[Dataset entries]
____________________

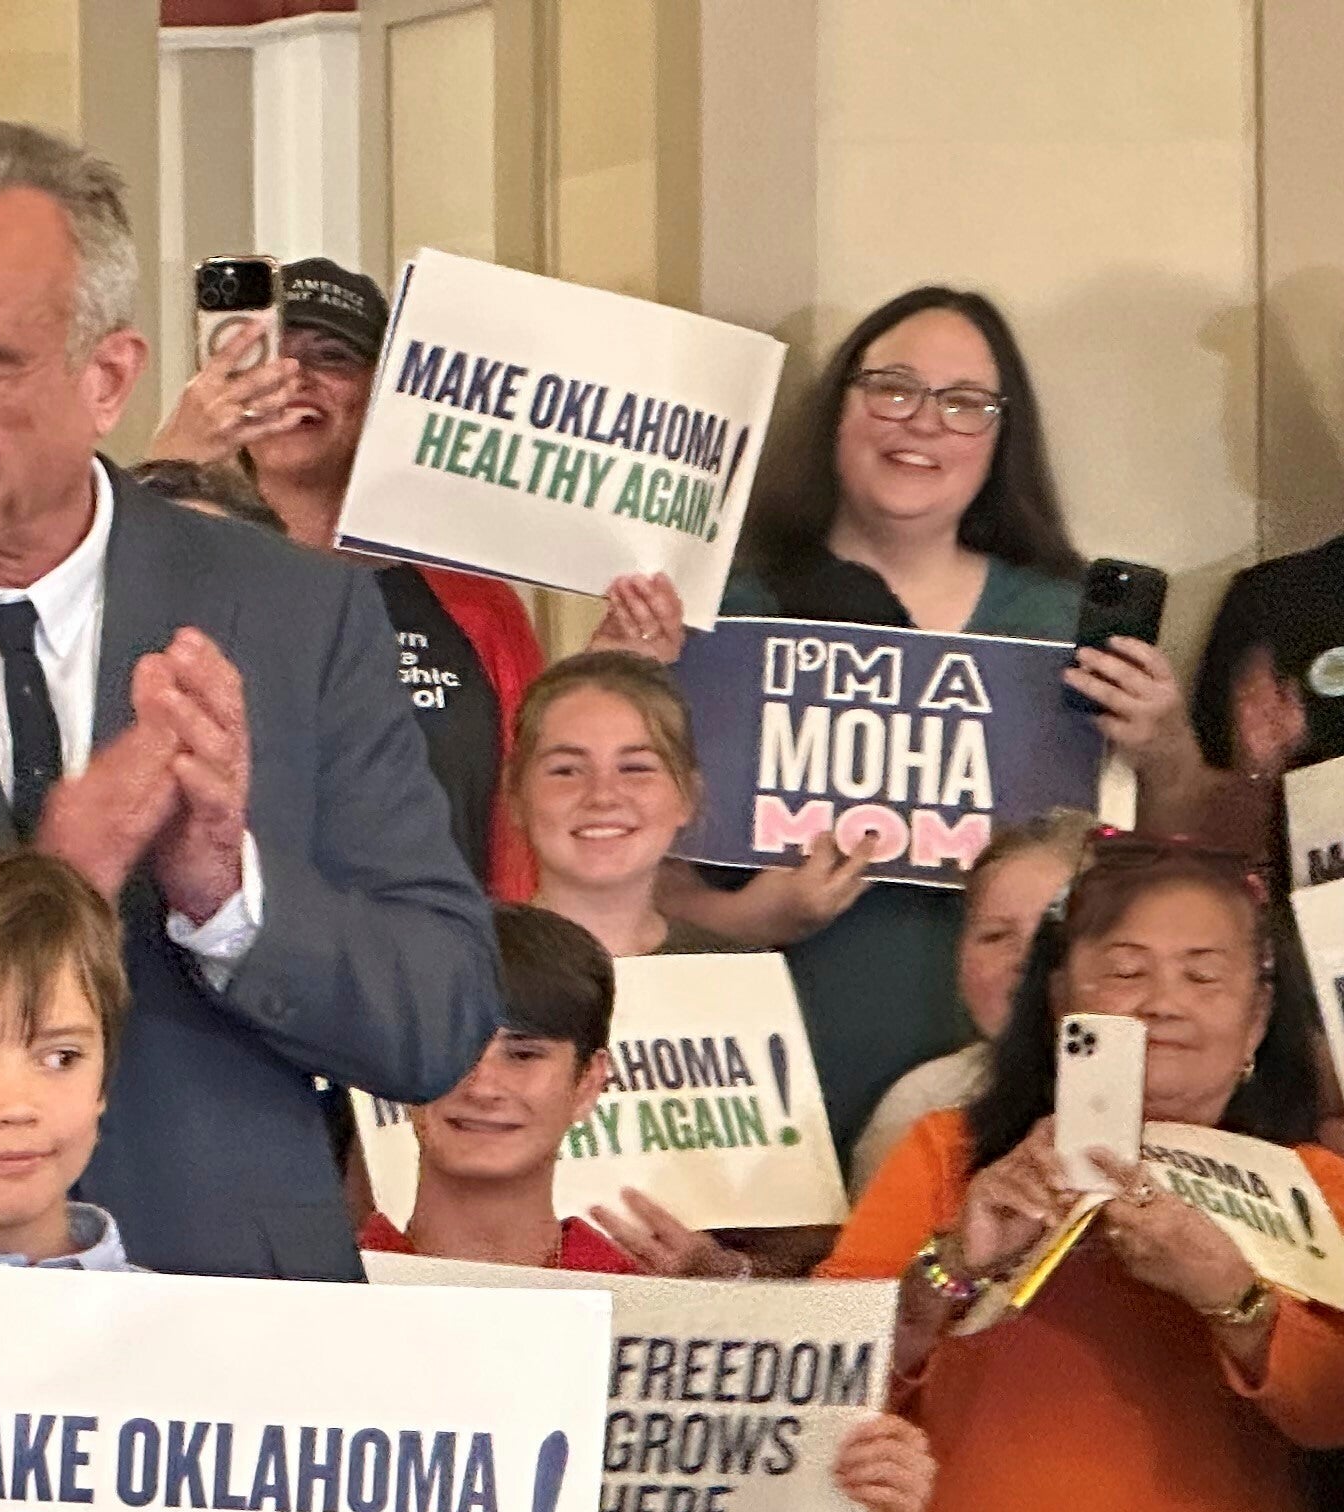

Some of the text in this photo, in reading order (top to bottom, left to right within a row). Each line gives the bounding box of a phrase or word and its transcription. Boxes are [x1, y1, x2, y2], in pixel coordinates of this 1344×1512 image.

[396, 340, 730, 474] MAKE OKLAHOMA
[414, 412, 616, 508] HEALTHY
[763, 636, 992, 715] I'M A
[757, 701, 993, 810] MOHA
[753, 795, 992, 872] MOM
[603, 1036, 755, 1093] AHOMA
[609, 1335, 873, 1406] FREEDOM
[603, 1409, 802, 1475] GROWS
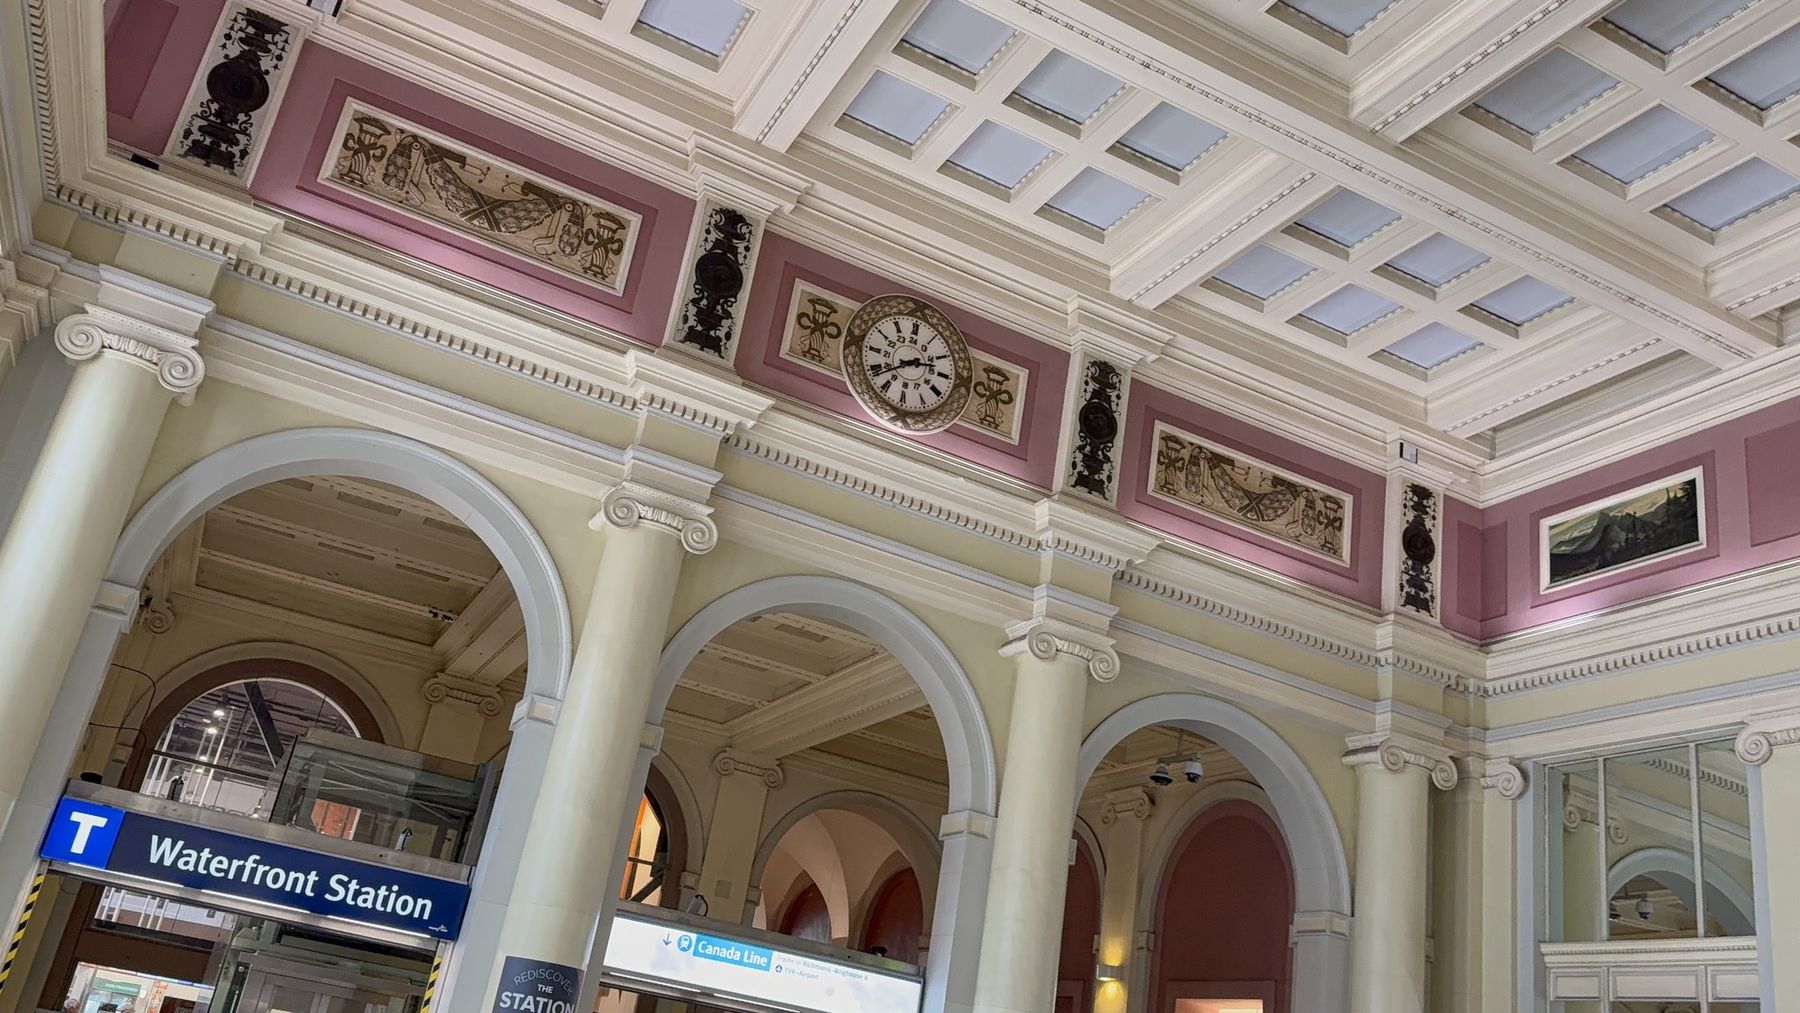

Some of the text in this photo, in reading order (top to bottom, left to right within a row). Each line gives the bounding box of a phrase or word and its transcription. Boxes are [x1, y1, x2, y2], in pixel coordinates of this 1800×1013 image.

[896, 335, 906, 344] 23
[909, 337, 918, 345] 24
[887, 340, 897, 349] 22
[921, 344, 928, 352] 13
[883, 351, 890, 359] 21
[928, 367, 935, 375] 15
[902, 381, 909, 389] 18
[923, 378, 931, 386] 16
[69, 811, 108, 855] T
[149, 834, 433, 921] Waterfront Station
[698, 940, 768, 967] Canada Line
[513, 968, 574, 996] REDISCOVER
[537, 984, 554, 994] THE
[500, 991, 575, 1013] STATION
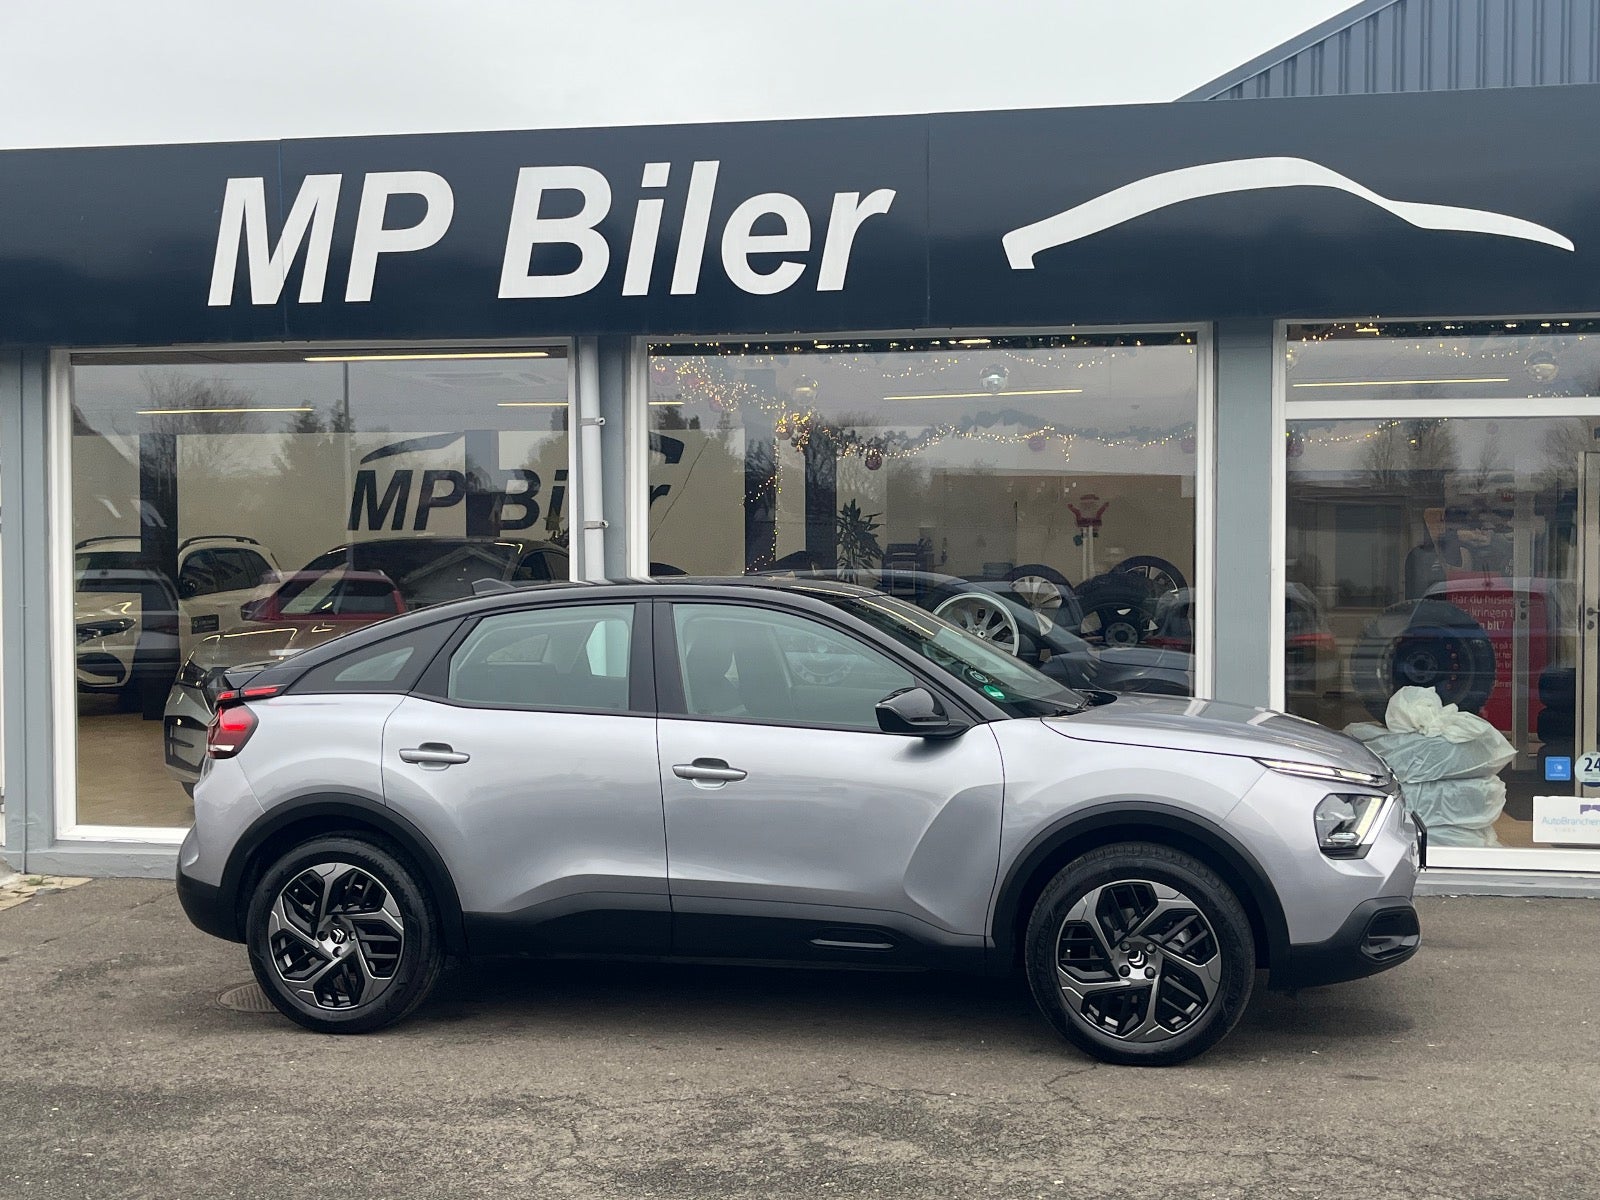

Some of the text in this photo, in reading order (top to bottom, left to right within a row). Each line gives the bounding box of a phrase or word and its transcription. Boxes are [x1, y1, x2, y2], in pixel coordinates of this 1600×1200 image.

____________________

### Task to complete
Retype the entries above word for word, minus any images.

### Reply
Some of the text in this photo, in reading order (top to bottom, left to right within a row). Each line gives the bounding box of a phrase or word and its transcription. Boxes are [x1, y1, x2, y2], in pixel coordinates of this 1344×1512 image.

[396, 340, 730, 474] MAKE OKLAHOMA
[414, 412, 616, 508] HEALTHY
[763, 636, 992, 715] I'M A
[757, 701, 993, 810] MOHA
[753, 795, 992, 872] MOM
[603, 1036, 755, 1093] AHOMA
[609, 1335, 873, 1406] FREEDOM
[603, 1409, 802, 1475] GROWS

Some of the text in this photo, in reading order (top to bottom, left to right within a row). Each line gives the bounding box of a phrase or word and its transcription. Boxes are [x1, y1, x2, y2], in pixel coordinates of this 1800×1013 image.

[896, 335, 906, 344] 23
[909, 337, 918, 345] 24
[887, 340, 897, 349] 22
[921, 344, 928, 352] 13
[883, 351, 890, 359] 21
[928, 367, 935, 375] 15
[902, 381, 909, 389] 18
[923, 378, 931, 386] 16
[69, 811, 108, 855] T
[149, 834, 433, 921] Waterfront Station
[698, 940, 768, 967] Canada Line
[513, 968, 574, 996] REDISCOVER
[537, 984, 554, 994] THE
[500, 991, 575, 1013] STATION

Some of the text in this photo, in reading order (top to bottom, left to right within a row). Each line gives the bounding box of a phrase or word and its transcription. Boxes are [x1, y1, x2, y2], in pixel coordinates of this 1600×1200 image.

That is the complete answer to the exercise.